- WHAT NEEDS TO BE DONE
No pictures in the copy. Write out the listing below exactly.

=== Begin Enclosure ===

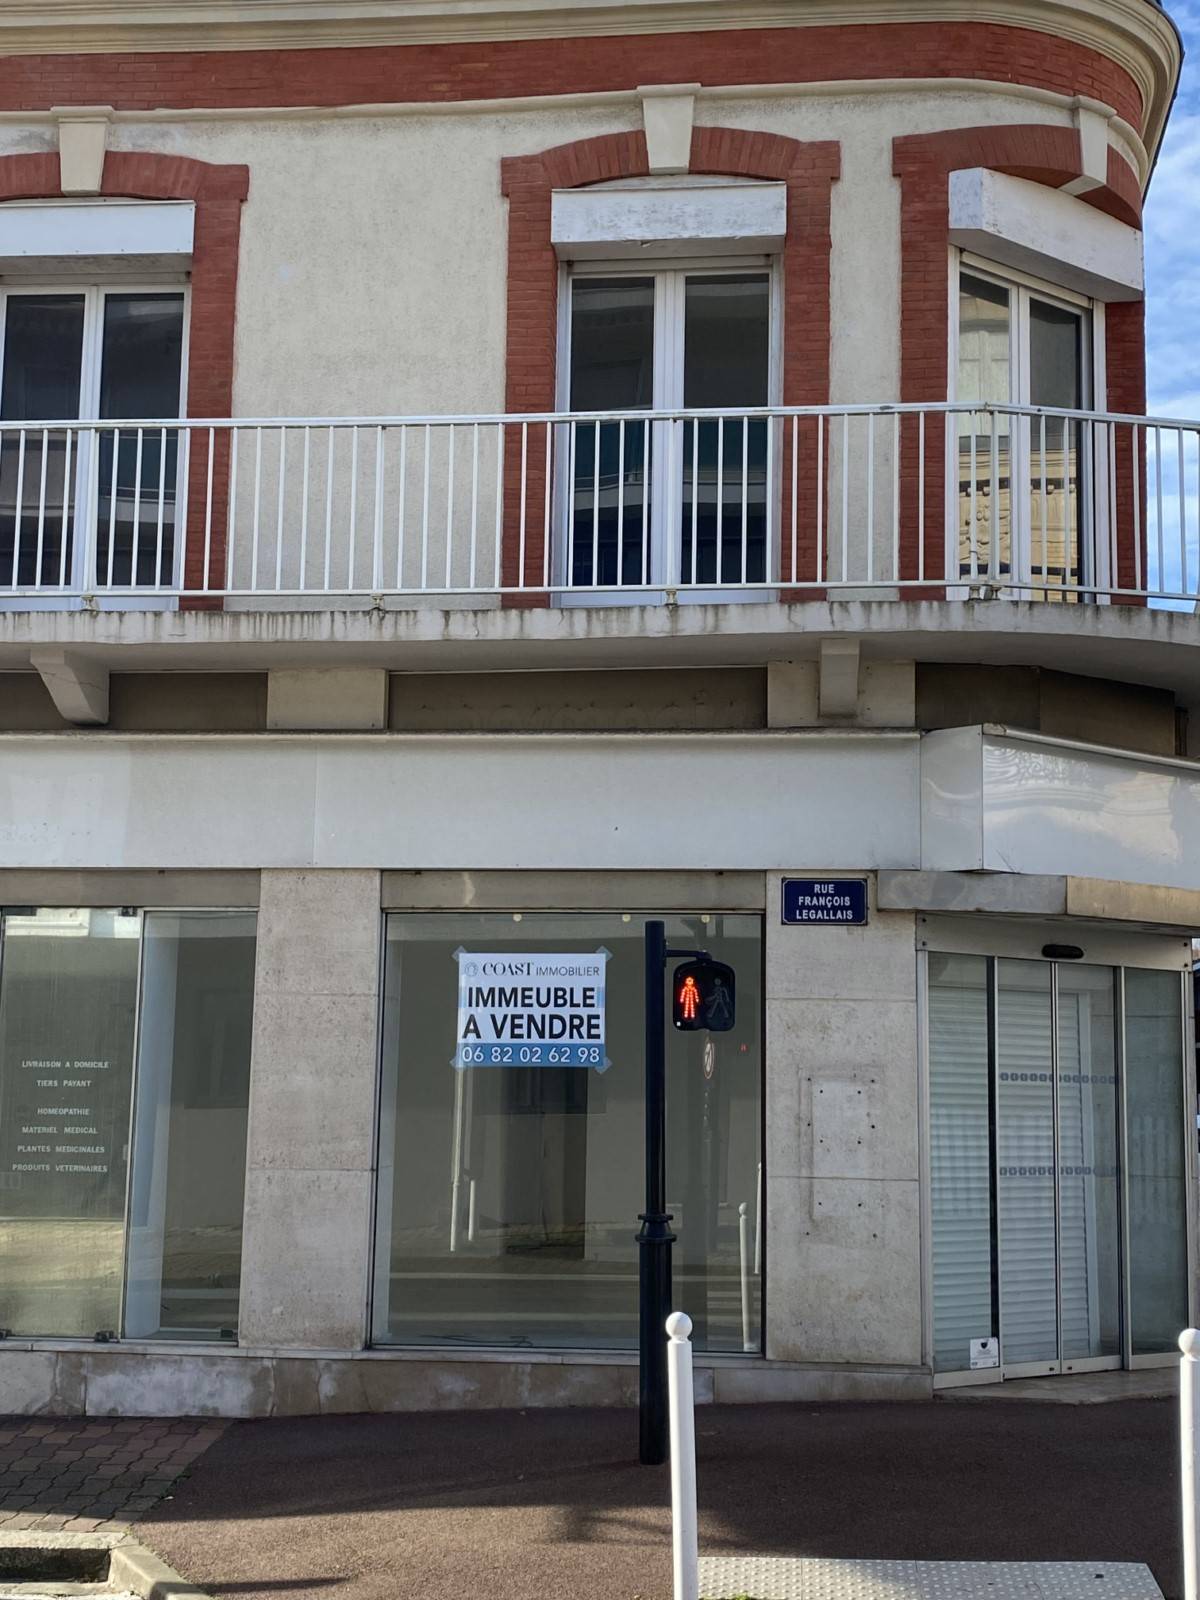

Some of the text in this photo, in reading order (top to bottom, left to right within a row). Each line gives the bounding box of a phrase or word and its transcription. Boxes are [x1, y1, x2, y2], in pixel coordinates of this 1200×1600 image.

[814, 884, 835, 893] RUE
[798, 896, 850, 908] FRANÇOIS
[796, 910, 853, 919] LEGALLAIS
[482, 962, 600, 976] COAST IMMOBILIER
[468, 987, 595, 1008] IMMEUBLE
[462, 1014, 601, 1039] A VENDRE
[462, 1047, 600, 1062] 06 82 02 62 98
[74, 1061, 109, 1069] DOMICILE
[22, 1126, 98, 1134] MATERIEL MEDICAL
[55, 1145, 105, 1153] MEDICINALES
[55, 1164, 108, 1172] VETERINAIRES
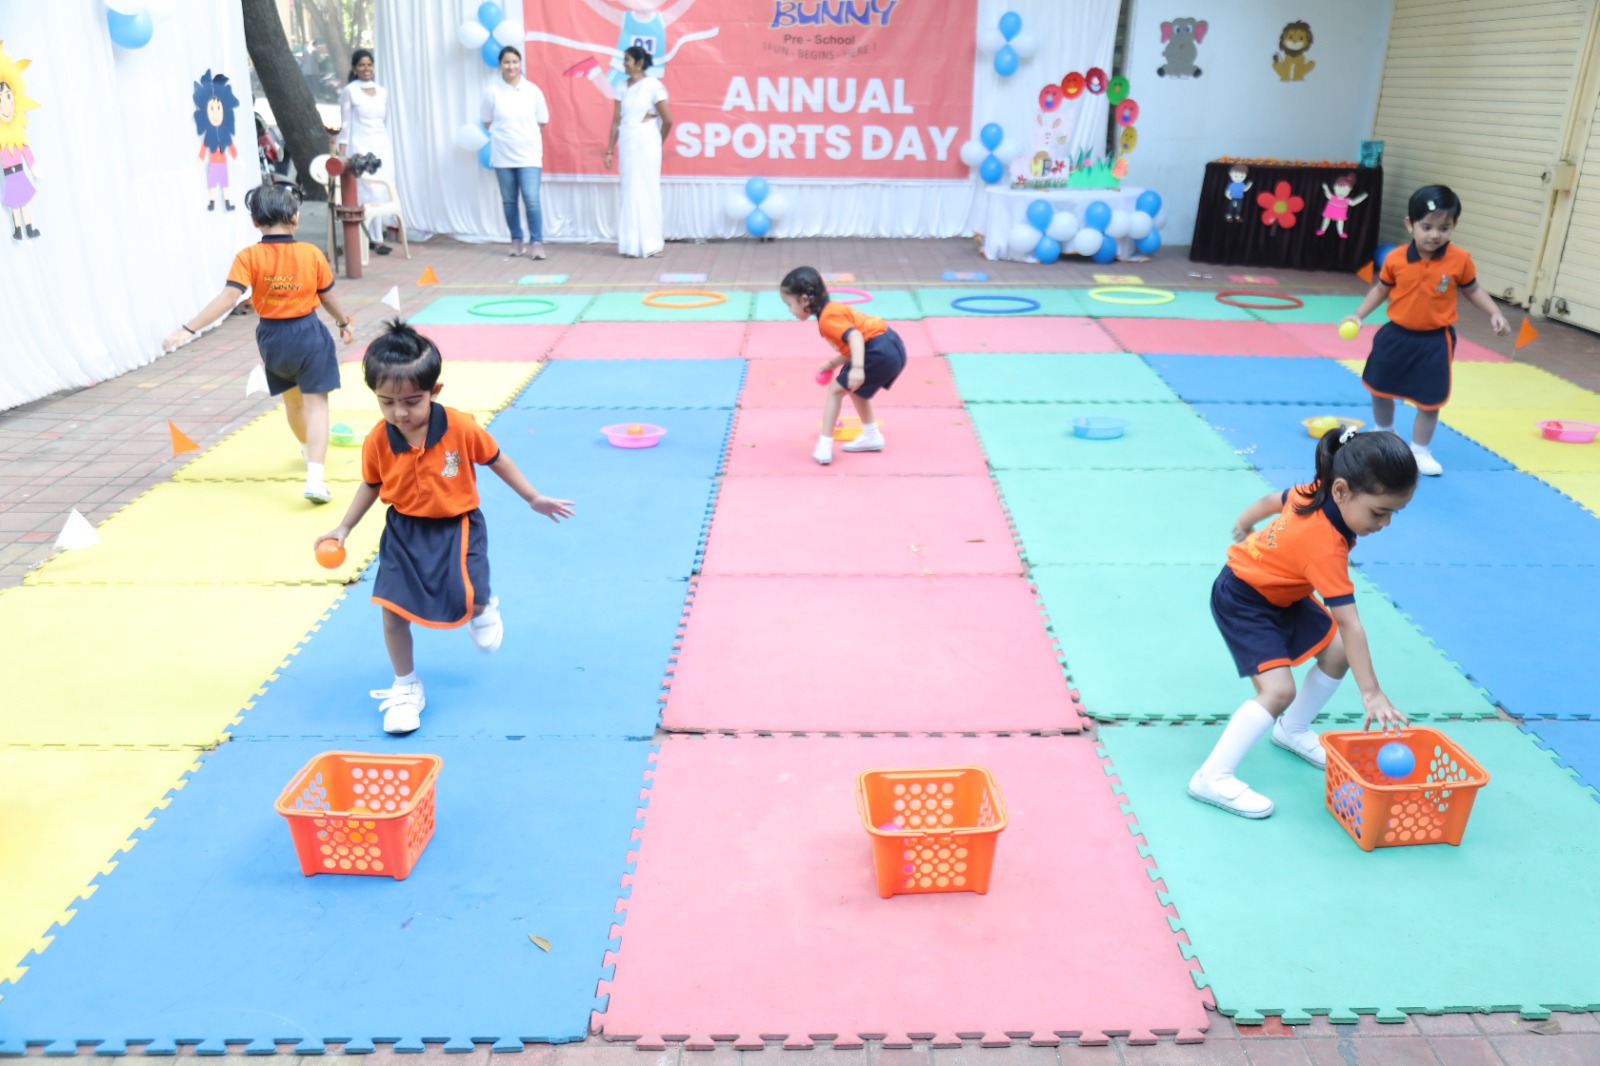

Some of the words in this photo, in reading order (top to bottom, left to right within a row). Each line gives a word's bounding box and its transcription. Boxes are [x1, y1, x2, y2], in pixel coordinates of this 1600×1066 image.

=== End Enclosure ===

- FINAL ANSWER
Some of the text in this photo, in reading order (top to bottom, left to right within a row). Each line gives the bounding box of a phrase or word and its transcription. Boxes are [x1, y1, x2, y2], in pixel coordinates of this 1200×1600 image.

[814, 884, 835, 893] RUE
[798, 896, 850, 908] FRANÇOIS
[796, 910, 853, 919] LEGALLAIS
[482, 962, 600, 976] COAST IMMOBILIER
[468, 987, 595, 1008] IMMEUBLE
[462, 1014, 601, 1039] A VENDRE
[462, 1047, 600, 1062] 06 82 02 62 98
[74, 1061, 109, 1069] DOMICILE
[22, 1126, 98, 1134] MATERIEL MEDICAL
[55, 1145, 105, 1153] MEDICINALES
[55, 1164, 108, 1172] VETERINAIRES

Some of the words in this photo, in reading order (top to bottom, left to right within a row). Each line gives a word's bounding box and its transcription. Boxes are [x1, y1, x2, y2], in pixel coordinates of this 1600×1066 image.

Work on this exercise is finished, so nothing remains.